In order to qualify for arthroscopic surgery for a stiff elbow, the patient must complete at least two to three months of therapy. A hand therapist (occupational or physical therapist) provides a host of different treatment techniques. The goal is to restore normal motion and function. When that just isn’t possible (for whatever pathologic reason), then referral to a surgeon is in order.
The surgeon will evaluate each patient carefully in order to determine the best way to conduct the arthroscopic surgery. The surgeon can enter the joint from the front (anterior approach) or from the back of the elbow (posterior). Swelling in the joint and/or scar tissue from previous surgeries can dictate which way the surgeon will begin.
When entering from the front, special care must be taken to avoid injury to any of the nerves in that area. Before beginning the operation, the surgeon may mark the skin of the patient. A black marker is used to identify all of the important soft tissues. During the procedure, fluid may be injected into the joint. This step helps increase the distance between nerves and other soft tissues.
Entering the joint from the back (posterior approach) gives the surgeon an entirely different view compared with an anterior approach. A different part of the capsule can be released from this direction.

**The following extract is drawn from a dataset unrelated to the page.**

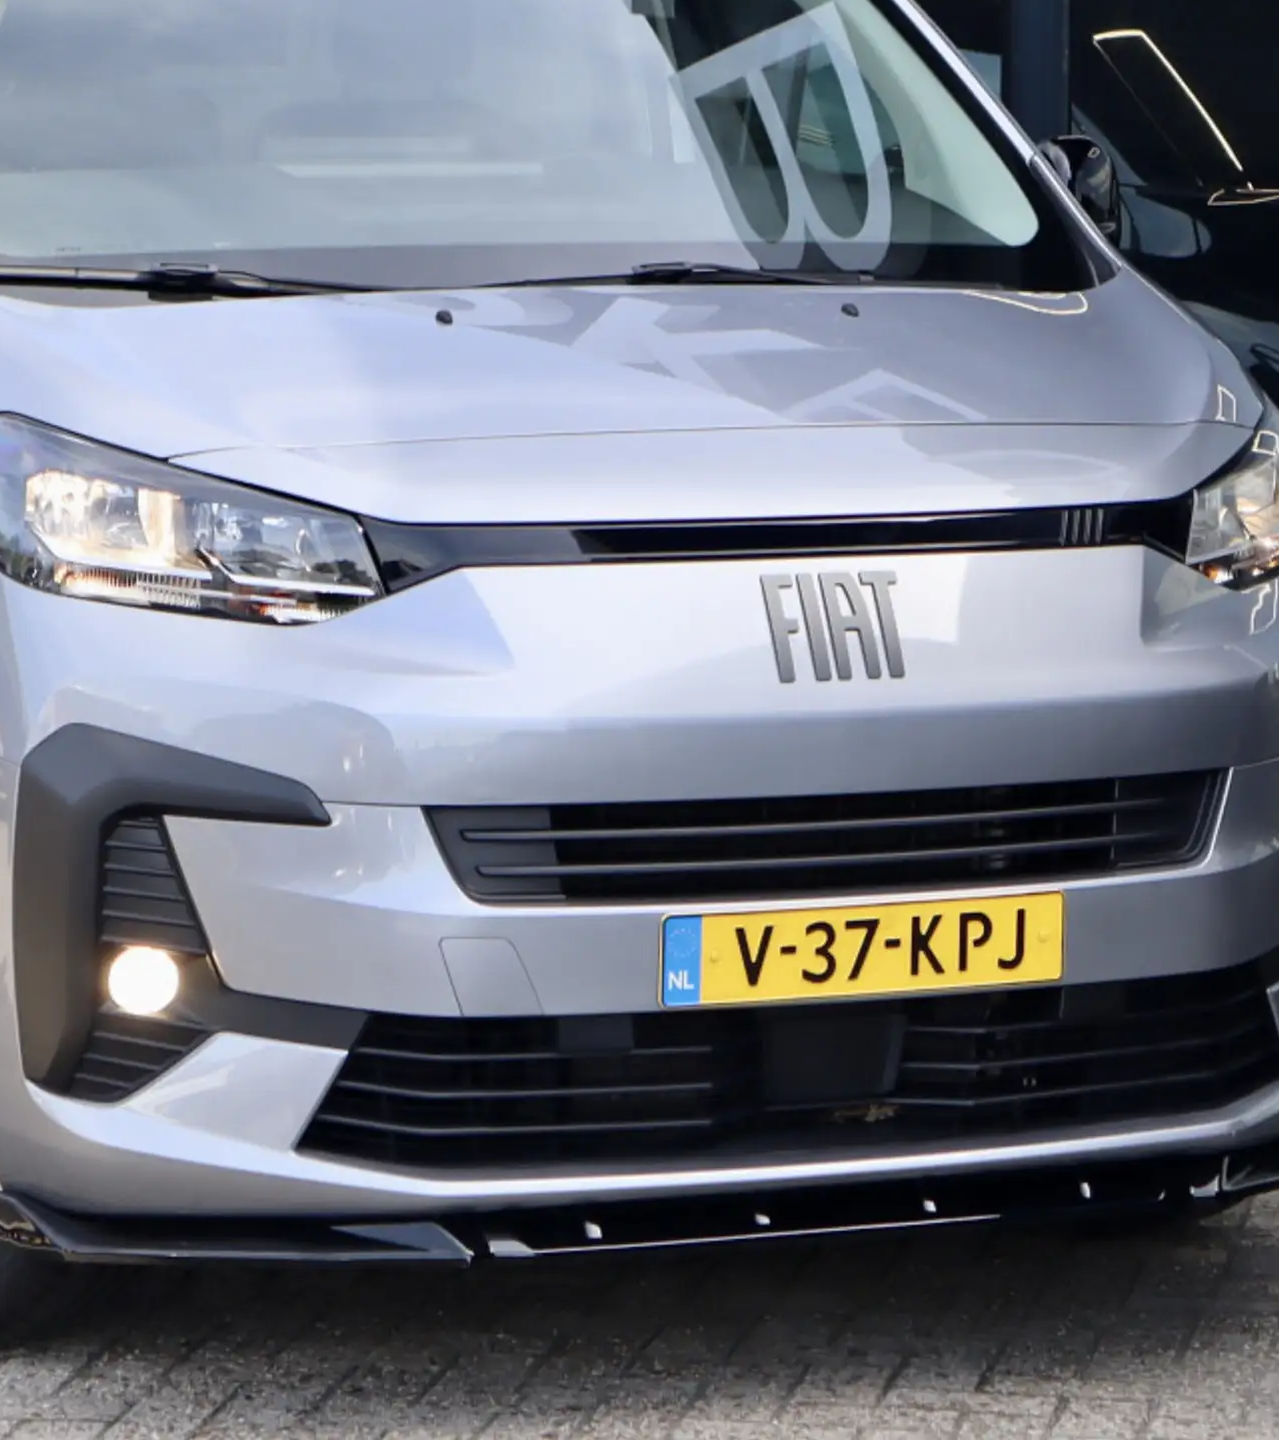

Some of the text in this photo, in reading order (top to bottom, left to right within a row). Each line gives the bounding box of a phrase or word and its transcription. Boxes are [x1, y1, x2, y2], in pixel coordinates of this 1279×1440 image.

[760, 571, 905, 683] FIAT
[668, 909, 1027, 991] NL V-37-KPJ
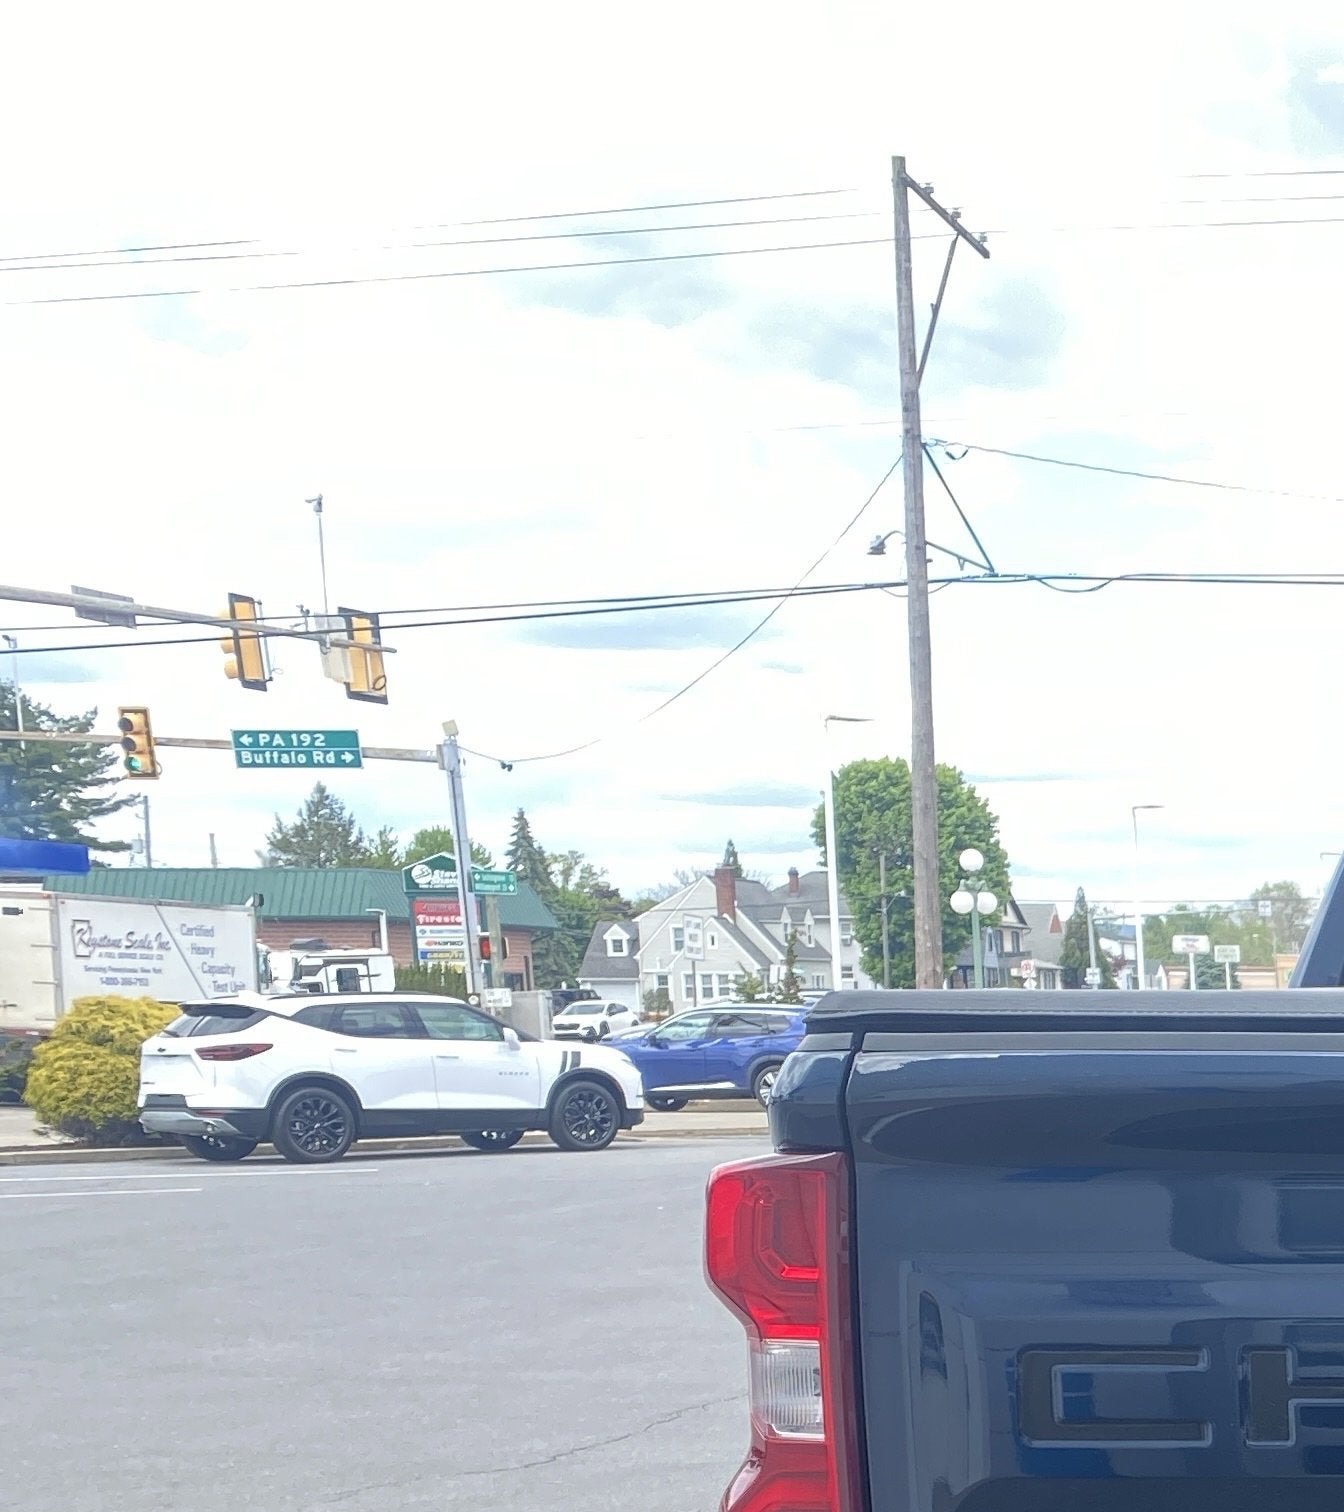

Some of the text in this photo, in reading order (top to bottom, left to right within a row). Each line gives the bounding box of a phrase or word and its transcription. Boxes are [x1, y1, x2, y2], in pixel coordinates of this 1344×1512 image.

The capsule around the joint has to be released to allow the surgeon access into the joint. Special surgical tools called retractors are used to pull the capsule away from the bone and allow the surgeon a better view inside the joint.
Whichever approach is used (and sometimes both anterior and posterior approaches are required), once inside, the surgeon gets busy. Any areas of debris, loose fragments of tissue, or scar tissue are cleaned up. Bone spurs are shaved off. This part of the procedure is called debridement.

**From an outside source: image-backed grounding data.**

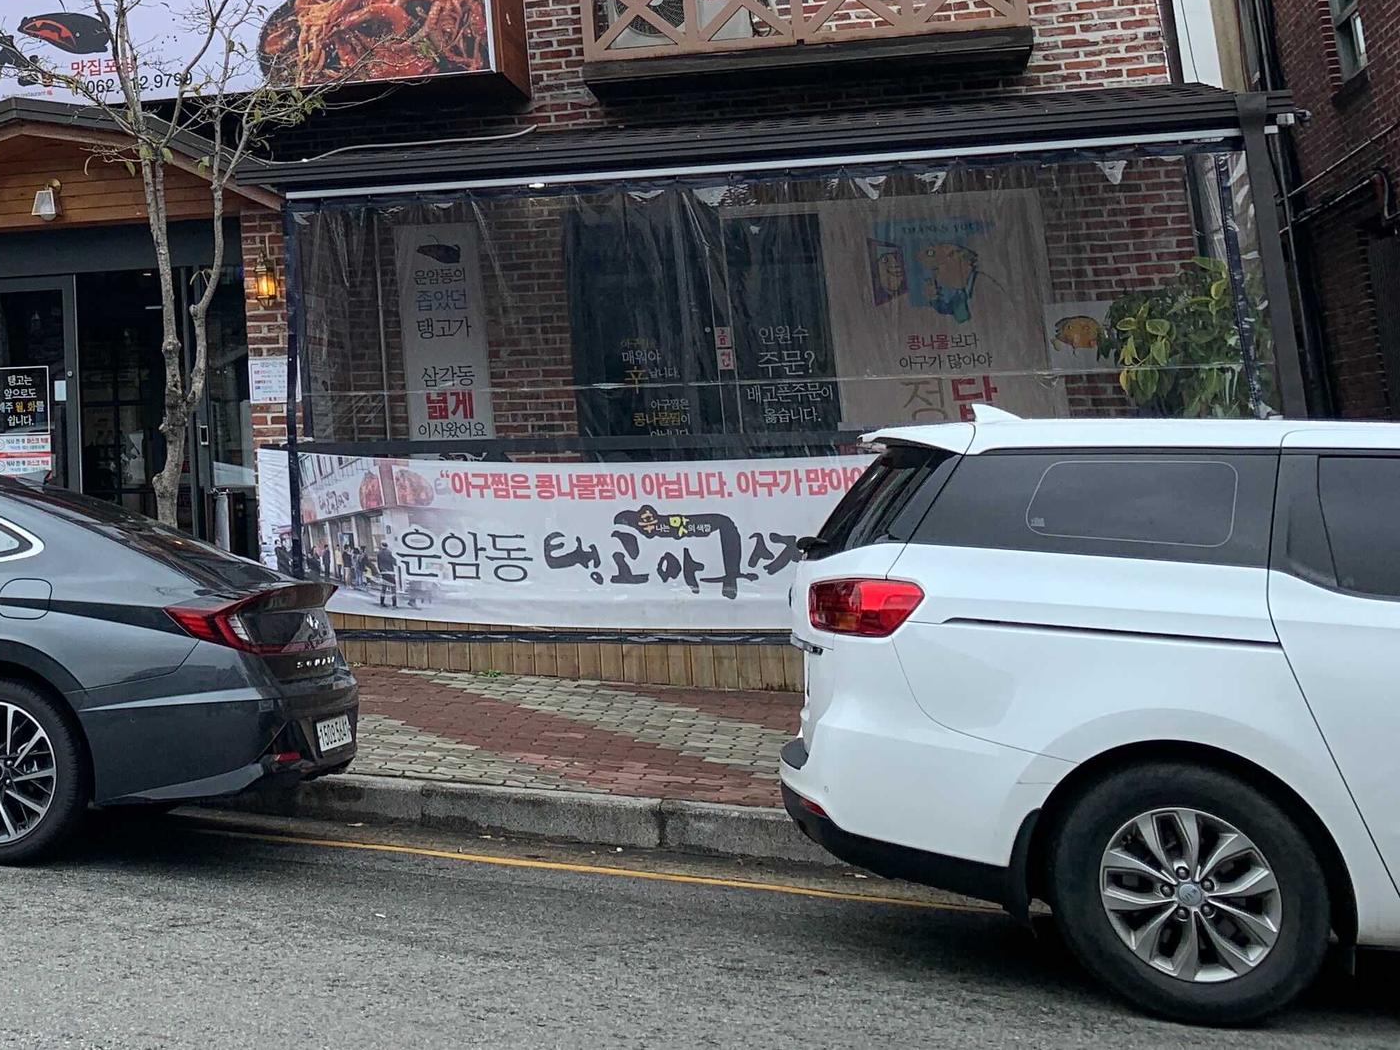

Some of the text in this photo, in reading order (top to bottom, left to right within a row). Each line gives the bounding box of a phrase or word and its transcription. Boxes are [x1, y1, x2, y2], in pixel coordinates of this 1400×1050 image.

[412, 267, 466, 286] 운암동의
[416, 289, 468, 311] 좁았던
[416, 316, 472, 340] 탱고가
[759, 325, 809, 345] 인원수
[906, 333, 979, 351] 콩나물보다
[621, 349, 662, 365] 매워야
[757, 350, 816, 378] 주문?
[899, 352, 993, 371] 아구가 많아야
[7, 375, 33, 386] 탱고는
[420, 365, 475, 387] 삼각동
[3, 388, 37, 400] 앞으로도
[746, 381, 833, 404] 배고픈주문이
[425, 389, 474, 420] 넓게
[7, 414, 34, 427] 쉽니다.
[633, 411, 691, 427] 콩나물찜이
[763, 406, 821, 424] 옳습니다.
[418, 421, 487, 438] 이사왔어요
[535, 472, 637, 500] 콩나물찜이
[640, 471, 733, 500] 아닙니다.
[736, 469, 802, 498] 아구가
[396, 528, 533, 583] 운암동

Scar tissue from around the nerve is carefully scraped or cut away. This portion of the operation is the decompression. The surgeon will move the arm through its full motion while the patient is under anesthesia (manipulation). Anything that keeps the elbow from moving normally and fully is addressed.
The patient leaves the operating area with a soft dressing and a splint on the arm. Early movement is advised and hand therapy to reduce pain and swelling while maintaining and possibly improving motion begins immediately. Patients can expect to continue in physical therapy for four to six weeks with a very active home program of exercise as well.
How well does this all work? Experts agree that treating the stiff elbow (for whatever reason it develops) can be difficult with a high risk of complications. For example, infection and damage to the nerves and blood vessels are not uncommon problems. It seems the patients who have the best results start out with mild-to-moderate elbow stiffness and without heterotopic ossification.
But for carefully selected patients, arthroscopic treatment of the stiff elbow can be very effective. Patients should not expect a perfectly normal elbow after surgery. But they can expect an elbow that moves enough to restore basic function. Patients can expect to work hard everyday to get smooth motion back and to keep it. In some cases, results are less than optimal and open surgery is still required later.
What about those “pearls and pitfalls”? Surgeons must keep in mind that a contracted, stiff elbow must be entered with the arthroscope carefully and with the intent to avoid punching through blood vessels or nerves. Scar tissue and fibrotic tissue can make normal entry with the scope difficult.
The surgeon should be prepared for distortion of the normal anatomy when there are fractures, dislocations, contractures, and fibrosis. More than one portal (entry way into the joint) may be needed to help improve what the surgeon can see inside the joint.
Proper handling of the surgical instruments will help prevent accidental injuries to vital soft tissue structures. And finally, there is a particular order in which each procedure should be done to give the best results (e.g., debridement before capsular release, tendon/muscle release last).